Además estamos en la Unión Europea y en el euro. Un mercado único con importantes divergencias fiscales, y jirones de soberanía en el terreno económico que han pasado a depender de órganos escasamente democráticos. Nos obligaron a modificar urgentemente la Constitución, con el acuerdo de los dos partidos dominantes, para imponernos la obligación de ajustar nuestro sistema presupuestario a un control estricto del déficit. Los ciudadanos españoles, como contribuyentes y consumidores, vamos a rescatar a la banca y a los frutos del despilfarro de los políticos nacionalistas, sean españoles o periféricos.

En estas, el nacionalismo catalán, a la que vez que reclama  del Gobierno Central un importante rescate para su elevado déficit, proclama un derecho a un referéndum de autodeterminación, convoca elecciones anticipadas y lanza el desafío de la posible declaración de un Estado catalán independiente, dentro de la Unión Europea. (¿No se repite la historia con la proclamación de ese Estado en 1934 y la respuesta del Gobierno central proclamando el estado de guerra?

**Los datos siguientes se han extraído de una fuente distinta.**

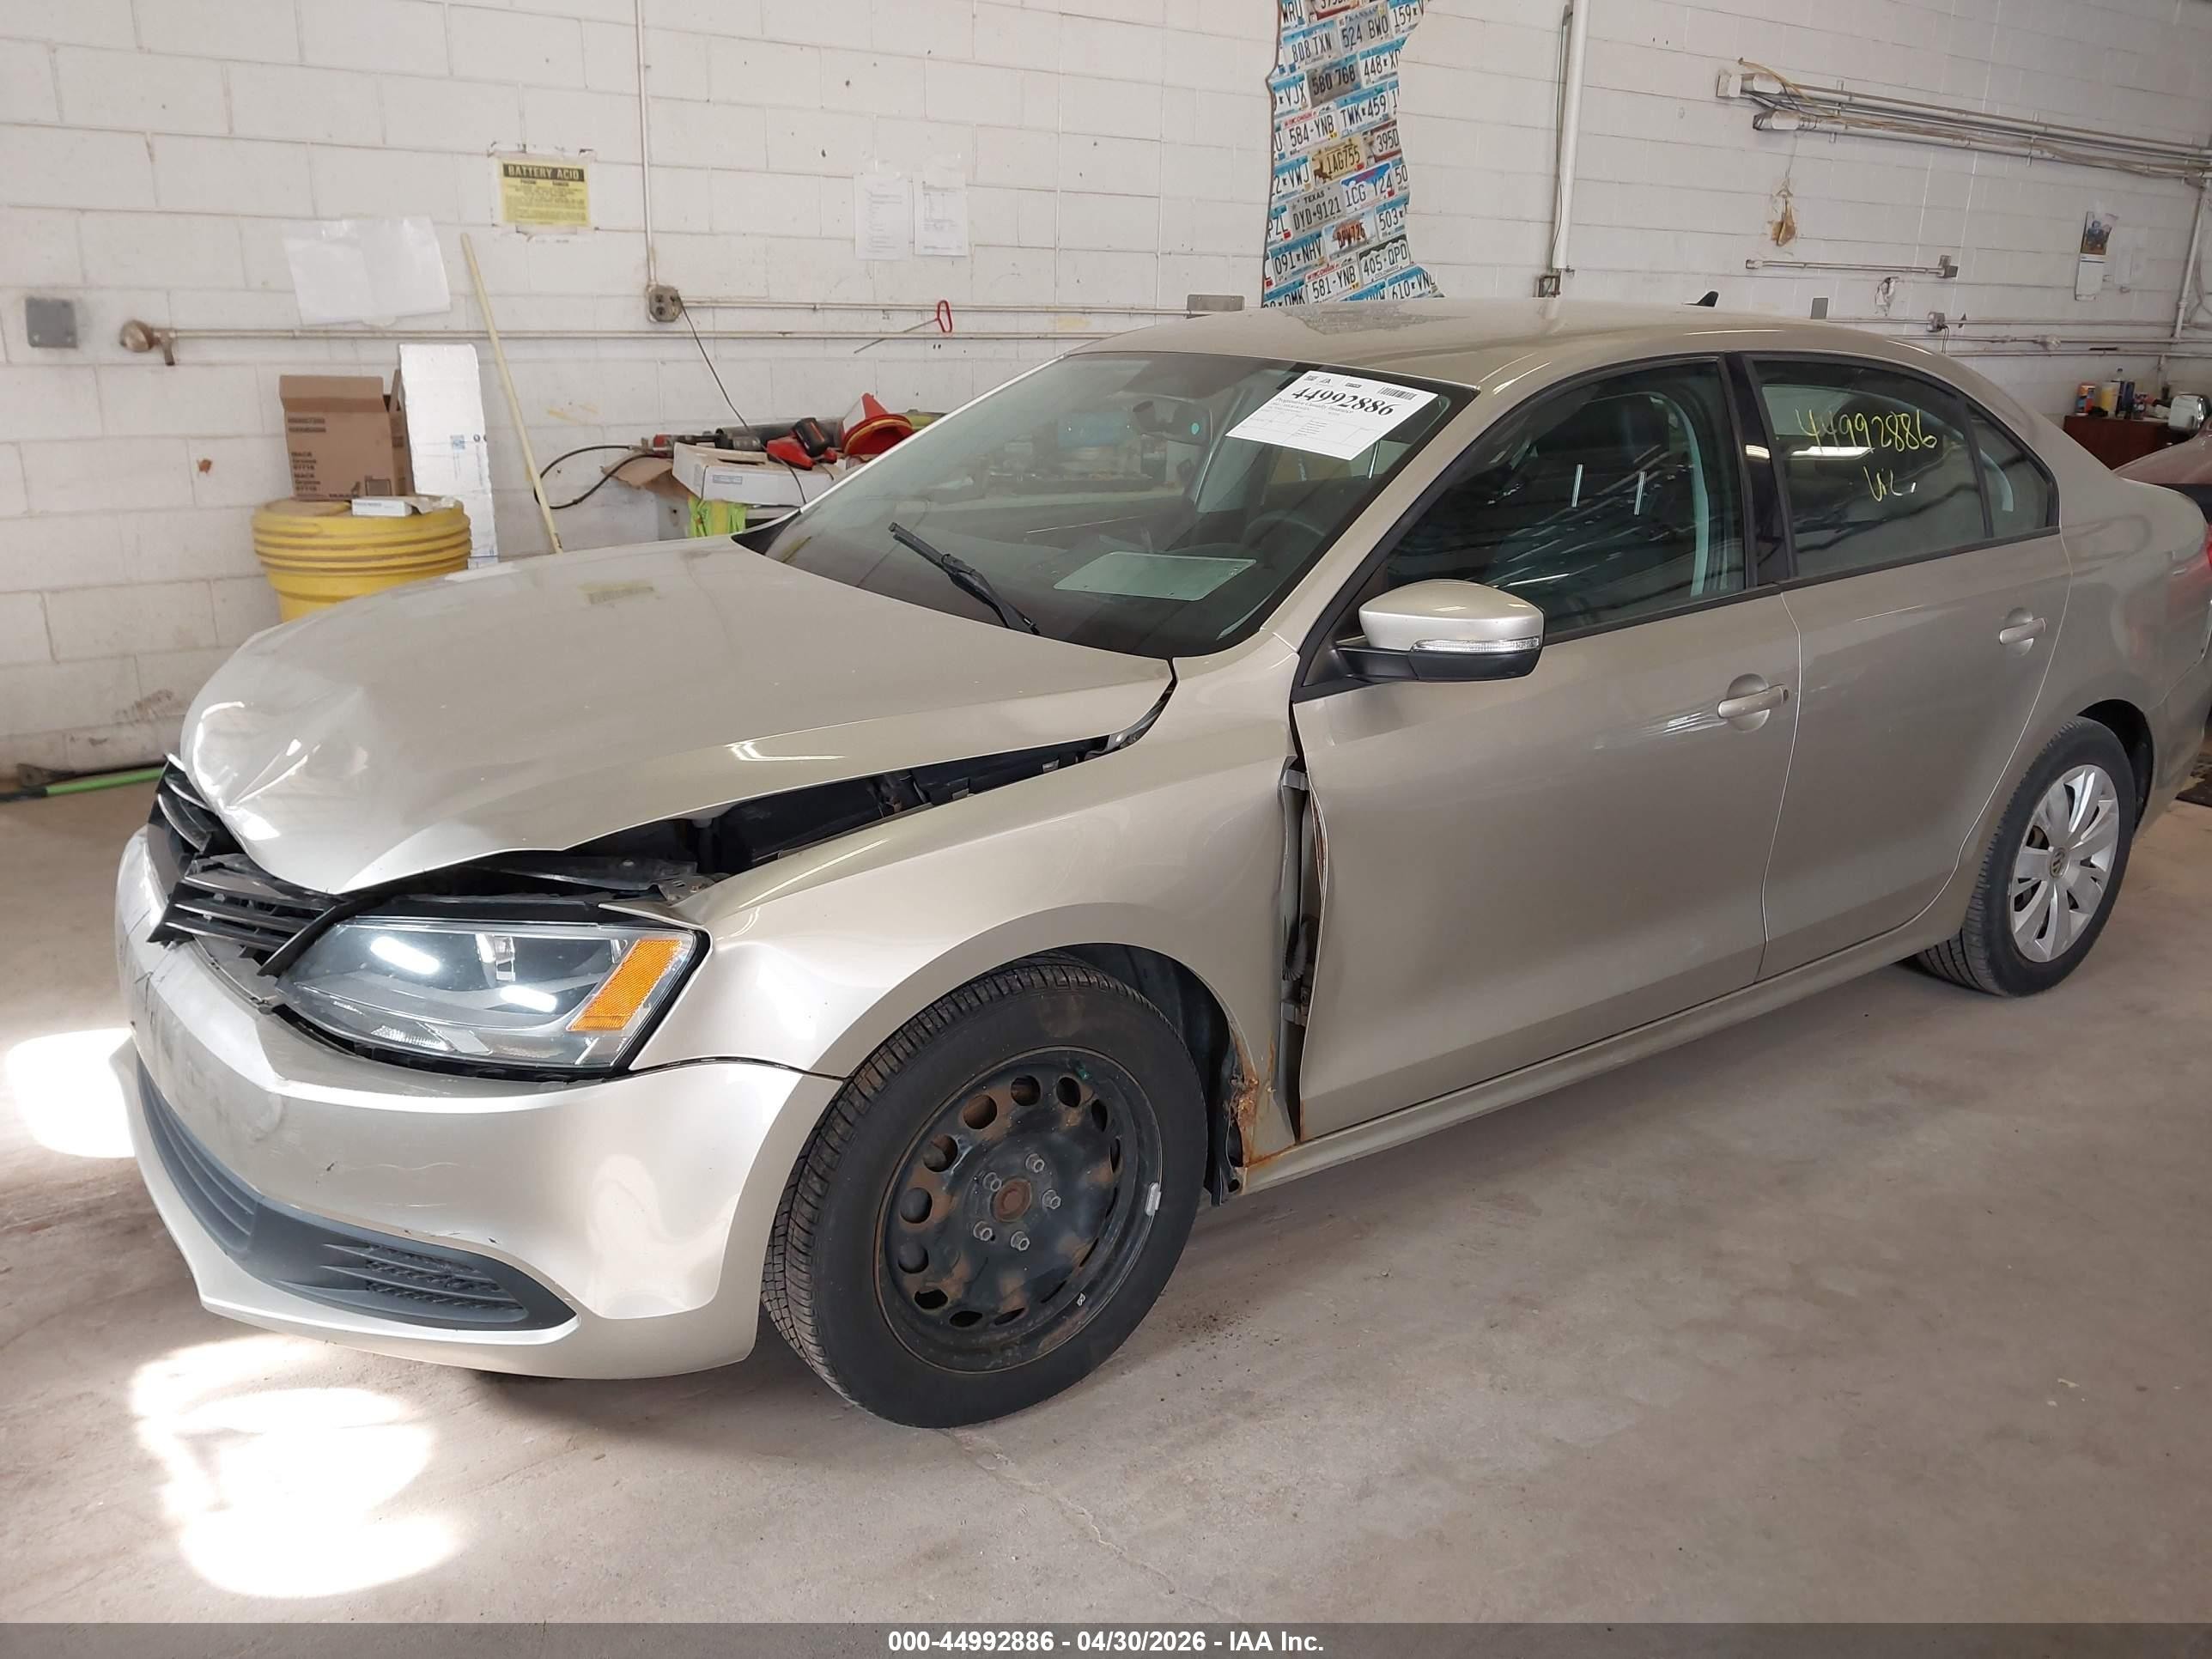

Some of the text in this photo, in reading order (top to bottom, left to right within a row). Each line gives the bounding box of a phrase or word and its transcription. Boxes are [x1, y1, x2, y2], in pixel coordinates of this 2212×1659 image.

Claro que las circunstancias no son las mismas).

¿Es esto posible? Constitucionalmente, no. Un referéndum de esa naturaleza sólo lo puede convocar el Gobierno central. Y la independencia implica una modificación de la Constitución con intervención del Congreso de los Diputados y posterior referéndum de todos los ciudadanos españoles. Otra pregunta: ¿podría contra la voluntad del Estado español ser miembro de la Unión Europea una Cataluña independiente? Kósovo fue reconocido independiente de Serbia con  el voto en contra de España. La separación de checos y eslovacos, de común acuerdo, permitió su ingreso pacífico en la Unión. Es posible que se dé en Escocia un referéndum para su independencia: lo están negociando el gobierno británico y el escocés. Supongo que en estos tiempos de globalización y de merma de los Estados nacionales, las decisiones no se toman ya en su seno: ¿Qué les garantiza mejor a nuestros acreedores para cobrar un Estado español no roto o disgregado en Estados separados? Es hoy la pregunta clave. Y puesto a formular una interrogante más casera: ¿Qué pretende con este desafío CIU? ¿Por qué se me ocurrirá una respuesta doble: conservar el poder y sacar más dinero?